Taking the lines below one at a time, count those with the string "phrase" and give the result alone.

Exercise data:
======

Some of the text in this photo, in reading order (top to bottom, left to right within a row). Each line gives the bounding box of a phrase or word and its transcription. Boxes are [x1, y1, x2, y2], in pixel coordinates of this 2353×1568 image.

======

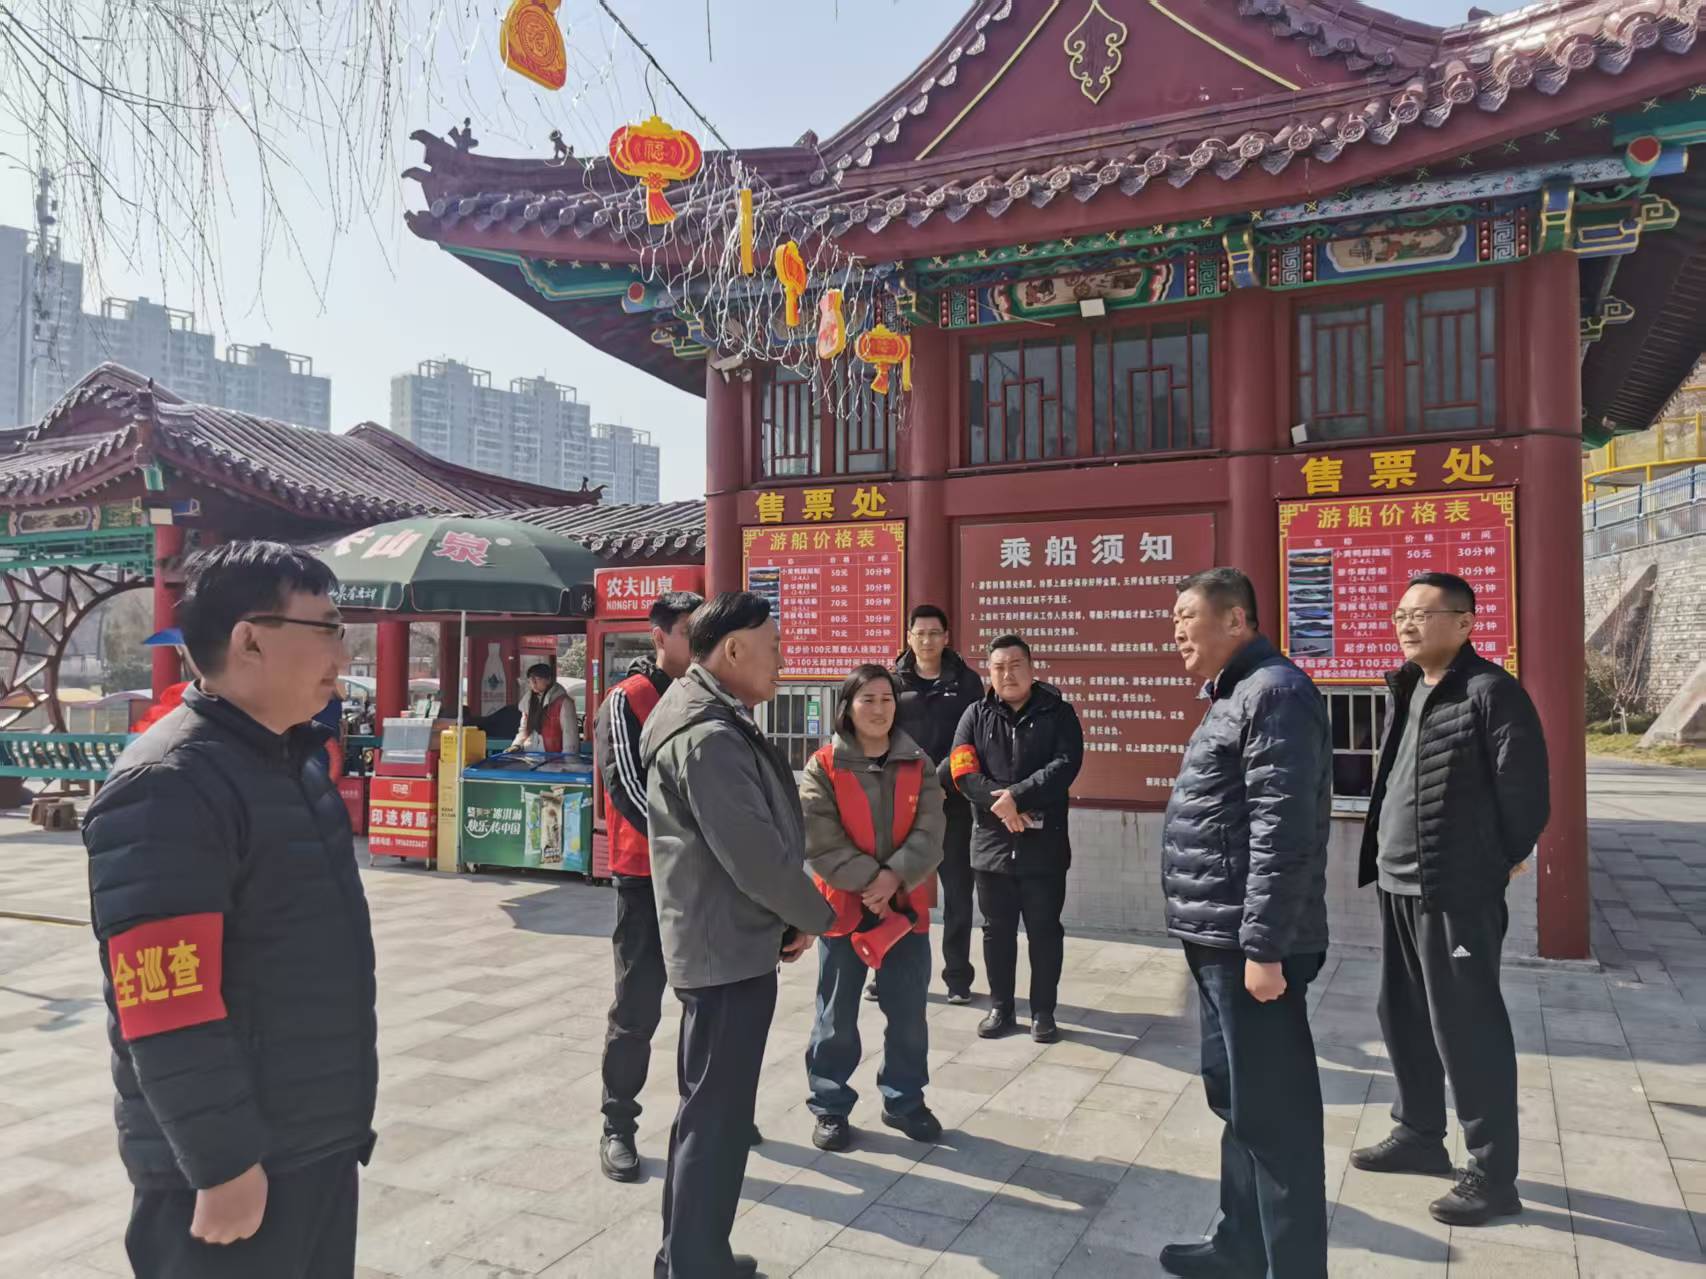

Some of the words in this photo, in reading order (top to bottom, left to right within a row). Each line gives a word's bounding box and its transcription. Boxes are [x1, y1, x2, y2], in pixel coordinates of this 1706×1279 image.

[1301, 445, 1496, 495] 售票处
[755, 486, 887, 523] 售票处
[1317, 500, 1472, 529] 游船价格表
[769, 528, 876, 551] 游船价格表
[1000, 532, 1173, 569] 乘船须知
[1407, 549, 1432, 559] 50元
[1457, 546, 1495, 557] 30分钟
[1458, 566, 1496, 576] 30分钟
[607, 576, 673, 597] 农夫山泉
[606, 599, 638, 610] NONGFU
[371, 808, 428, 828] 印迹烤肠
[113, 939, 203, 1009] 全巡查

======

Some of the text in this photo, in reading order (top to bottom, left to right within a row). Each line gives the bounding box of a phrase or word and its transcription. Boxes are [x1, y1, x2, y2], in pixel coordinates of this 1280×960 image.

======

Task response: 2